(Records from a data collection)
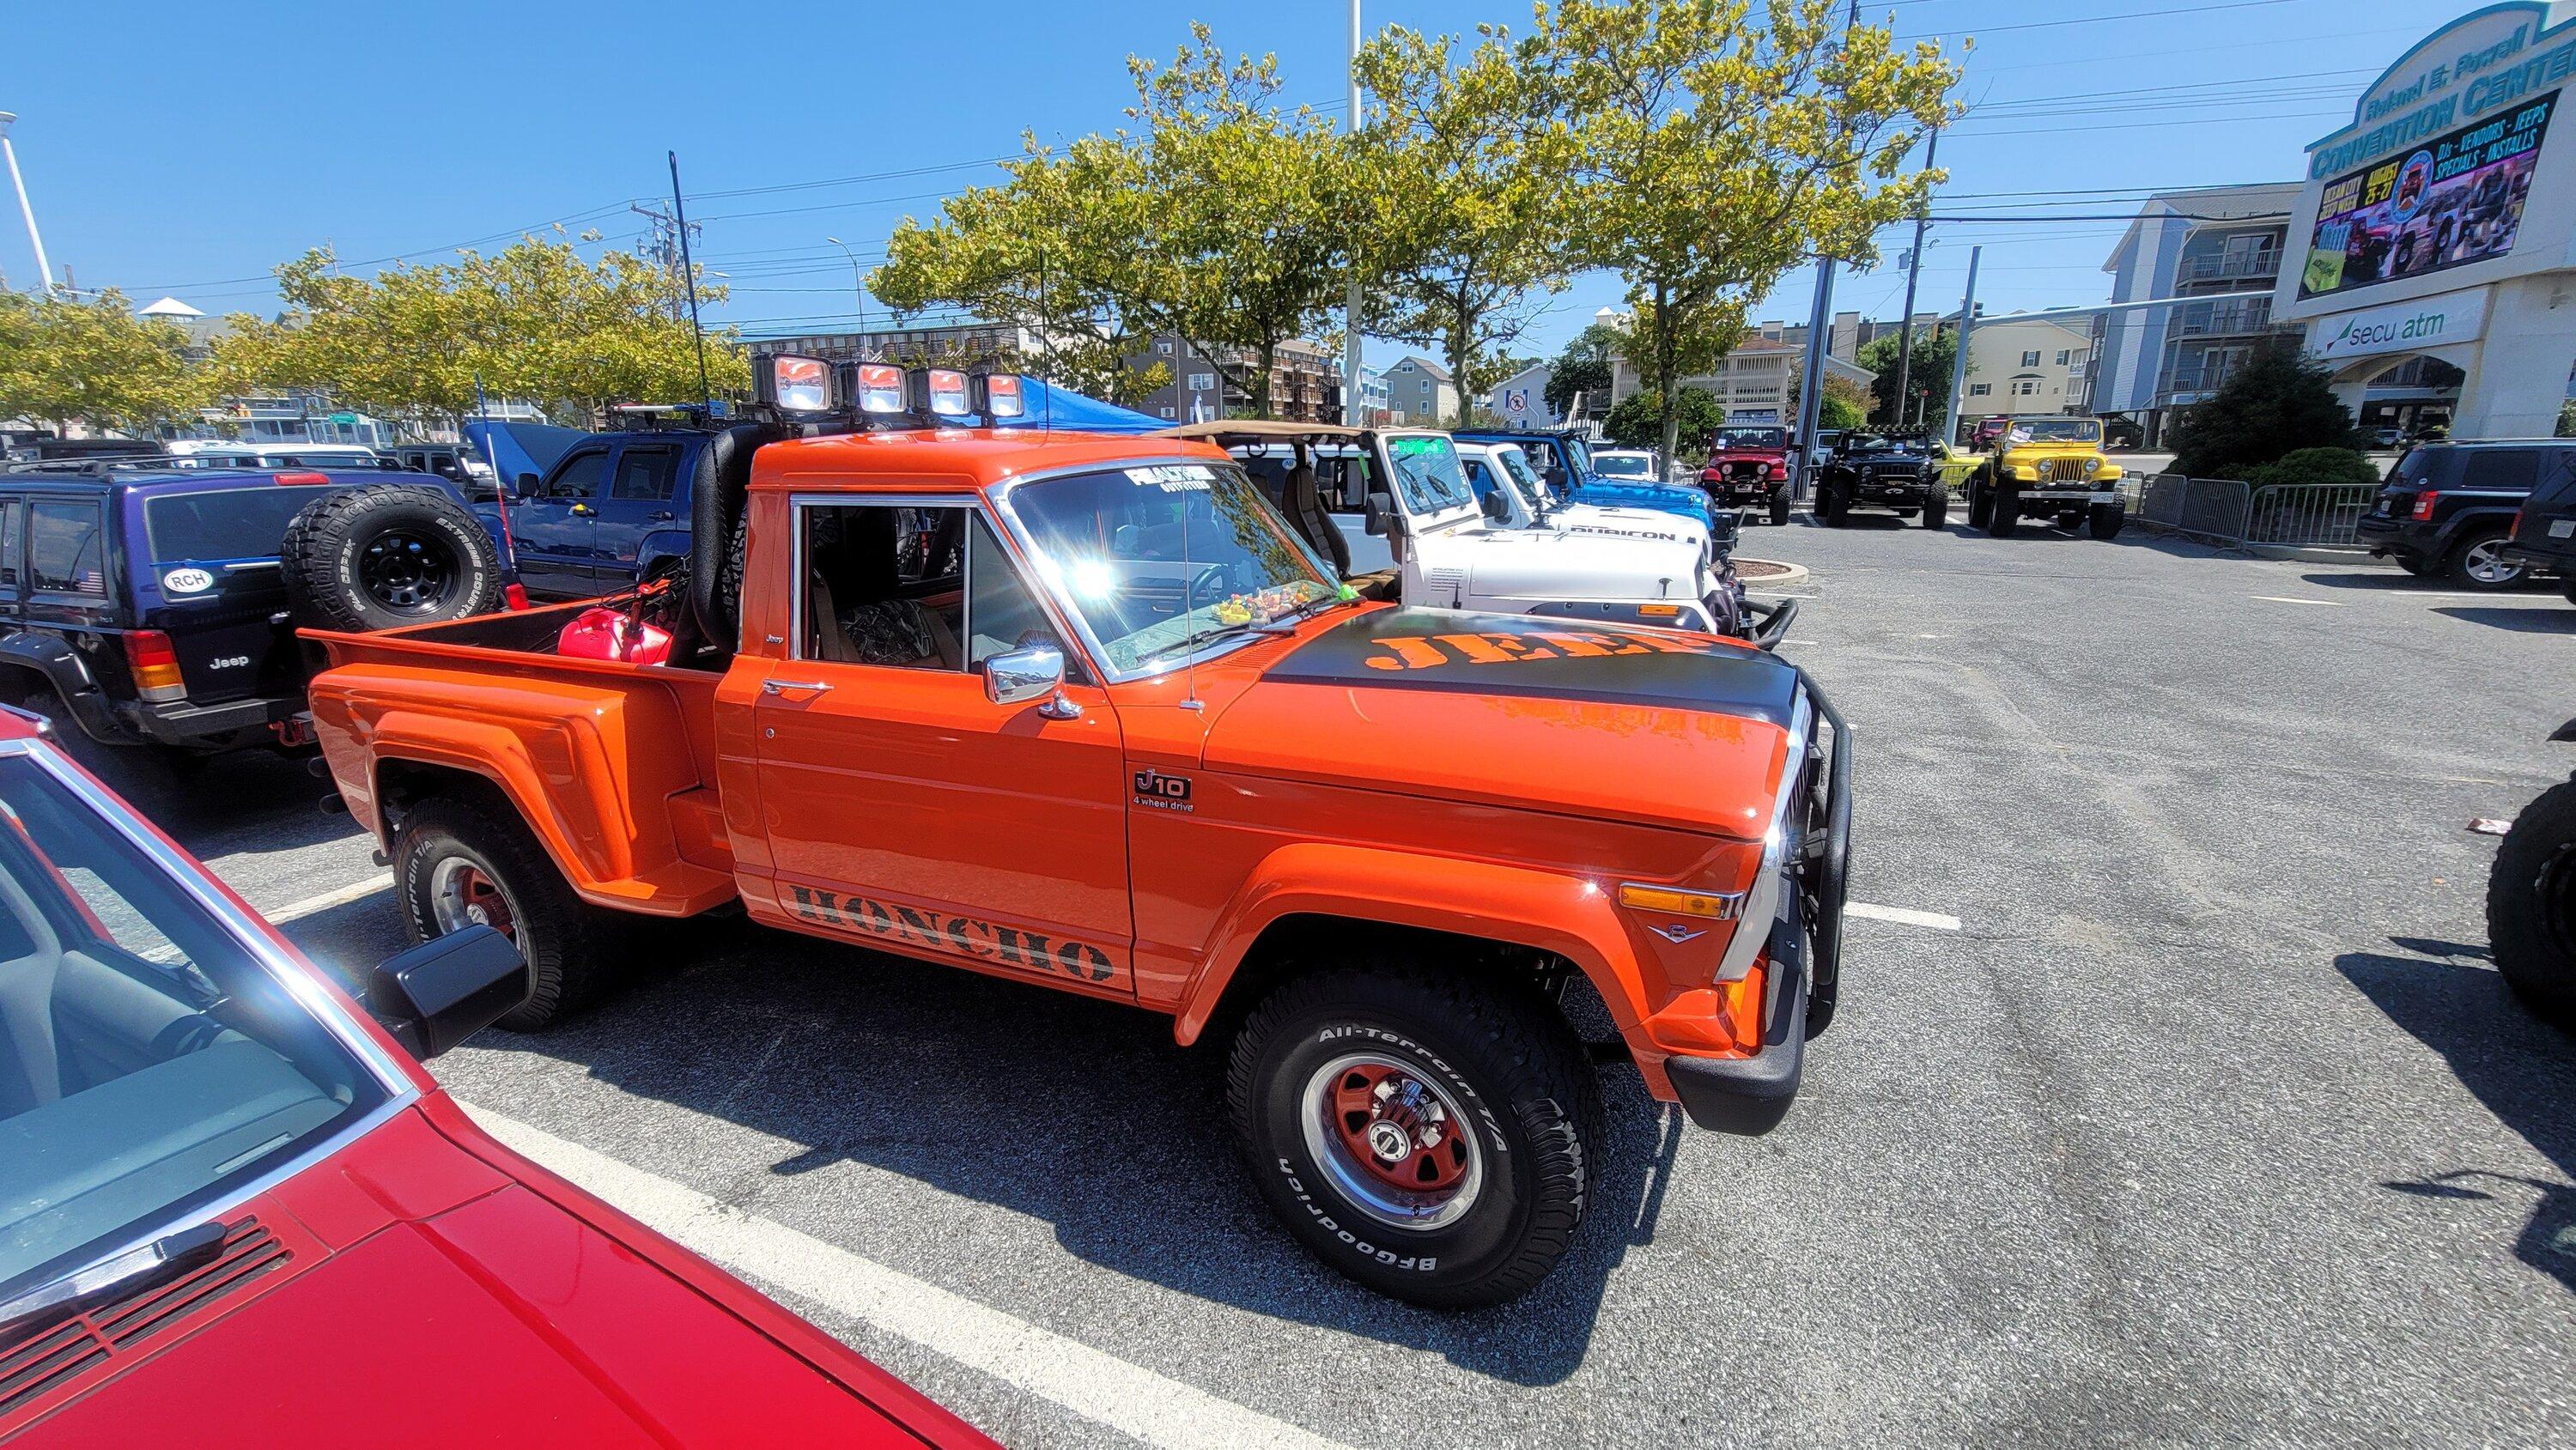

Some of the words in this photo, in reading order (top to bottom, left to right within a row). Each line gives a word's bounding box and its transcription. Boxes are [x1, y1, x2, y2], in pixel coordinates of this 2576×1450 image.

[2455, 23, 2530, 80] Powell
[2311, 93, 2459, 180] CONVENTION
[2459, 118, 2506, 153] VENDORS
[2512, 101, 2549, 133] JEEPS
[2434, 149, 2481, 181] SPECIALS
[2485, 127, 2538, 163] INSTALLS
[2349, 322, 2397, 346] secu
[2402, 312, 2445, 339] atm
[435, 517, 483, 568] EXTREME
[171, 573, 207, 588] RCH
[210, 656, 249, 670] Jeep
[1133, 796, 1139, 804] 4
[1141, 798, 1169, 809] wheel
[1170, 801, 1194, 812] drive
[1136, 769, 1185, 797] J10
[788, 884, 1115, 982] HONCHO
[1318, 1026, 1477, 1098] All-Terrain
[1479, 1107, 1508, 1152] T/A
[1278, 1157, 1437, 1271] BFGoodrich

Task prompt ▸ Write out the data above exactly as it appears, but without any image.

The answer ▸
Some of the words in this photo, in reading order (top to bottom, left to right within a row). Each line gives a word's bounding box and its transcription. Boxes are [x1, y1, x2, y2], in pixel coordinates of this 2576×1450 image.

[2455, 23, 2530, 80] Powell
[2311, 93, 2459, 180] CONVENTION
[2459, 118, 2506, 153] VENDORS
[2512, 101, 2549, 133] JEEPS
[2434, 149, 2481, 181] SPECIALS
[2485, 127, 2538, 163] INSTALLS
[2349, 322, 2397, 346] secu
[2402, 312, 2445, 339] atm
[435, 517, 483, 568] EXTREME
[171, 573, 207, 588] RCH
[210, 656, 249, 670] Jeep
[1133, 796, 1139, 804] 4
[1141, 798, 1169, 809] wheel
[1170, 801, 1194, 812] drive
[1136, 769, 1185, 797] J10
[788, 884, 1115, 982] HONCHO
[1318, 1026, 1477, 1098] All-Terrain
[1479, 1107, 1508, 1152] T/A
[1278, 1157, 1437, 1271] BFGoodrich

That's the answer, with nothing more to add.